The cleaning simultaneous with developing is a method of collecting
the transfer residual toner on the photosensitive member after the
transfer, in the developing process in and after the next process,
i.e., collecting the transfer residual toner existing on portions
of the photosensitive member surface not to be developed with the
toner, into the developing apparatus by a fog eliminating bias (a
fog eliminating potential difference Vback being a potential
difference between the dc voltage applied to the developing
apparatus and the surface potential of the photosensitive member)
during the process of the developing step of the electrostatic,
latent image after the steps of subsequently charging the
photosensitive member and exposing it to form the electrostatic,
latent image. According to this method, since the transfer residual
toner is collected into the developing apparatus and reused for
development of electrostatic, latent images in and after the next
process, it is feasible to decrease waste toner and reduce the load
of maintenance. The cleanerless structure is also advantageous in
compactification of the image forming apparatus.
Numeral 8 designates a toner charging control means, which is
located at a position downstream of the transferring portion d in
the rotating direction of the photosensitive drum and upstream of
the charging portion a in the rotating direction of the
photosensitive drum. This toner charging control means 8 is a
brush-shaped member (auxiliary brush) with moderate
electroconductivity, and the brush part thereof is kept in contact
with the surface of the photosensitive drum 1. A negative voltage
is applied from a power source S4 to the toner charging control
means 8. Symbol f denotes a contact portion between the brush part
and the surface of the photosensitive drum 1. The transfer residual
toner on the photosensitive drum 1, passing the toner charging
control means 8, is controlled so that the charge polarities
thereof are aligned in the negative polarity being the regular
polarity.
Namely, the transfer residual toner on the surface of the
photosensitive drum 1 after the transferring process includes the
negative toner that failed to be transferred at image portions, the
positive fog toner that attached to non-image portions during
development, and the toner whose polarity was reversed to the
positive polarity under influence of the positive voltage for
transferring. The charge polarities of the transfer residual toner
are uniformly aligned into the negative polarity by the foregoing
toner charging control means 8. In the present embodiment, the
voltage of -1000 V, which is a voltage enough to induce discharge
to the photosensitive member after the transfer, is applied to the
toner charging control means 8. This provides the transfer residual
toner passing the toner charging control means 8, with charge by
discharge and direct charge injection to align the polarities into
the negative polarity.
In the aforementioned charging process, the region on the surface
of the photosensitive drum 1 is charged from above the transfer
residual toner. Since the transfer residual toner is uniformly
aligned in the negative polarity, no toner attaches to the charging
roller 2 to which the dc voltage with the negative polarity is
applied. In the exposure process exposure is also made from above
the transfer residual toner, but no significant effect appears
because of the small amount of the transfer residual toner. In the
developing process, the transfer residual toner present on
unexposed portions on the photosensitive drum 1 is collected into
the developing apparatus in association with the electric
field.
The closest distance (S-Dgap) is 350 .mu.m between the developing
sleeve 4b and the photosensitive drum 1, as described previously,
and by maintaining this distance, the magnetic brush of the
two-component developer formed on the developing sleeve 4b properly
rubs the surface of the photosensitive drum 1 to effect collection
simultaneous with development of the transfer residual toner on the
photosensitive drum 1. For facilitating the collection of the
transfer residual toner, the developing sleeve 4b is rotated in the
opposite direction to the moving direction of the surface of the
photosensitive drum 1 at the developing portion c.

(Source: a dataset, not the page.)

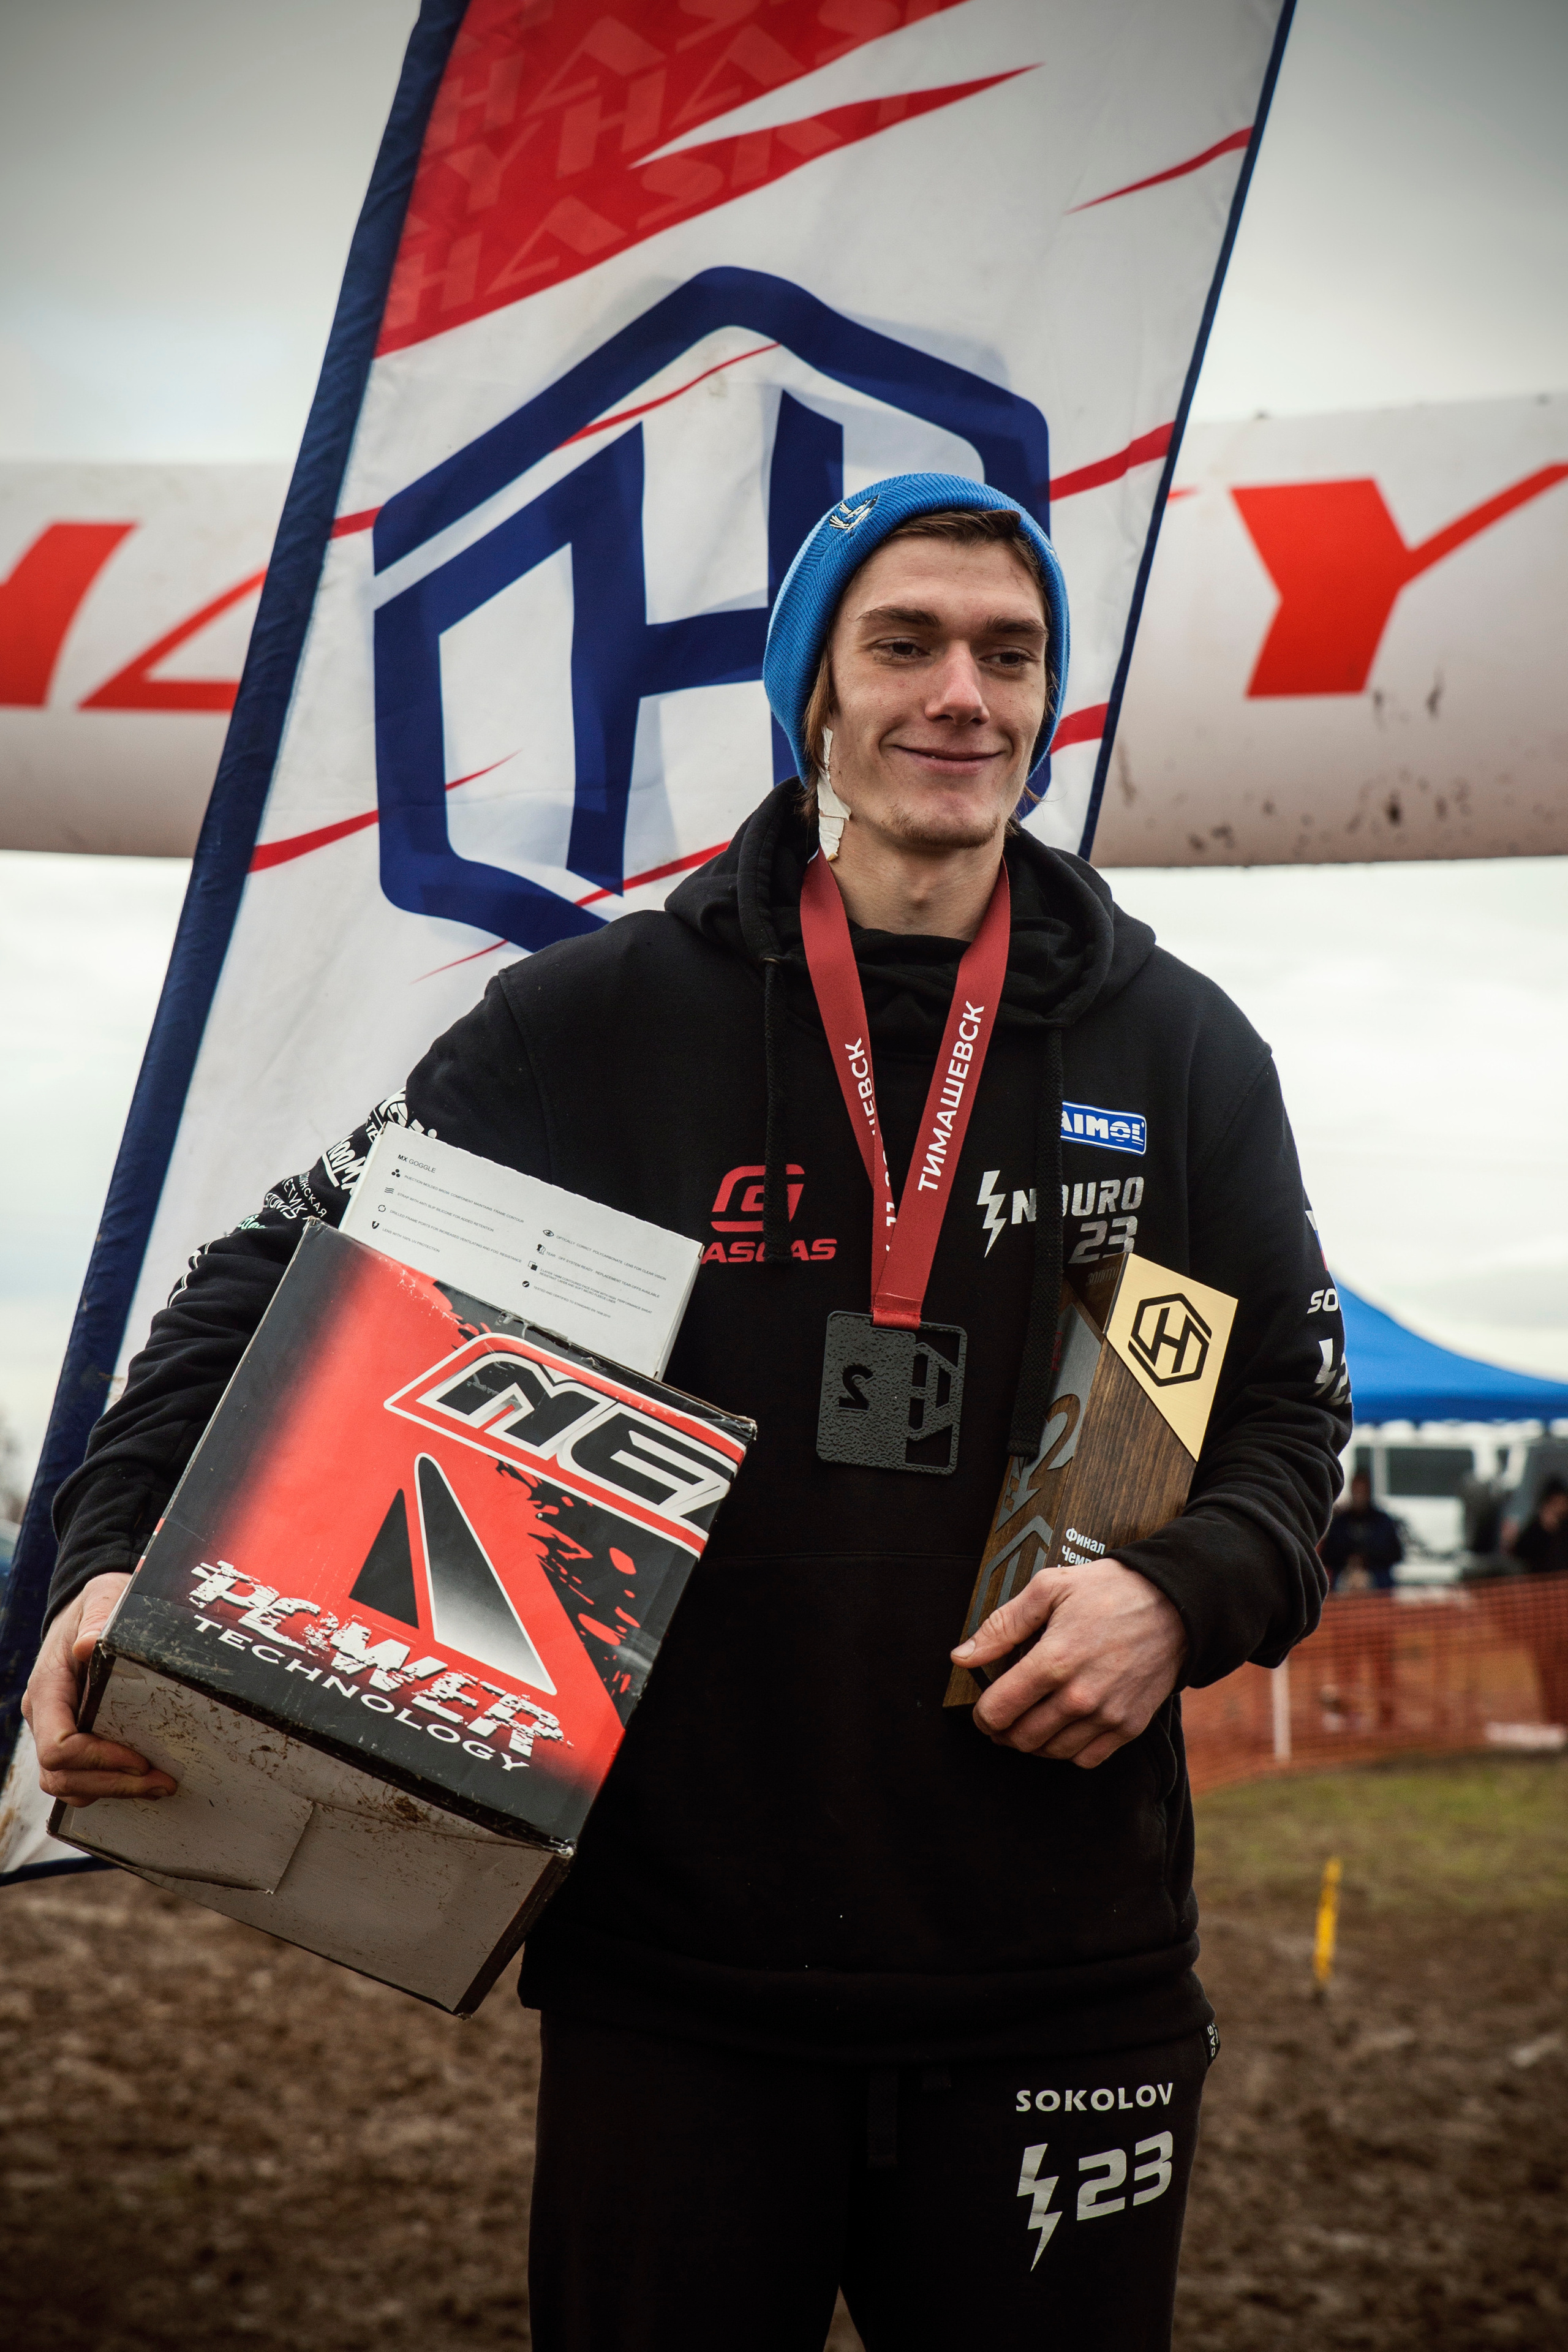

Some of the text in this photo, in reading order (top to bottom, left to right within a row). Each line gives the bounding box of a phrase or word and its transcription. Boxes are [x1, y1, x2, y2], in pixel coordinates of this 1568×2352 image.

(3) Control of Peak-to-peak Voltage of AC Voltage
In the cleanerless system, the use of the AC charging method raises
the following problem. Namely, the problem is the image flow and
blur due to discharge products made by AC charging.
In the case of the AC charging method by the contact charging, an
evolving ozone amount is small but not null, as compared with the
charging processing by the corona charger, so that the discharge
products cause the adverse effect more or less. In the image
forming apparatus, the discharge products attach to the surface of
the photosensitive member as an image bearing member and absorb
moisture to decrease the resistance of the surface of the
photosensitive member, thereby lowering the resolution of the
latent image. In the image forming apparatus employing the
cleanerless structure as described above, the cleanup effect of the
photosensitive member by the cleaning device cannot be expected, so
as to cause the blur, image flow, etc. readily.
In order to meet the needs for solving the above problem and for
achieving charging uniformity, it is necessary to always attain the
desired discharge current amount, and for that purpose, it is
necessary to use the applied voltage controlling means to the
charging roller.
In the present embodiment the peak-to-peak voltage control of the
ac voltage is carried out as follows.
For every hundred sheets (reduced to A4), ac voltage values are
measured by successively applying peak-to-peak voltages at three
points in the undischarge area and at three points in the discharge
area, to the charging roller and a peak-to-peak voltage to be
applied during print is determined based on the measured values.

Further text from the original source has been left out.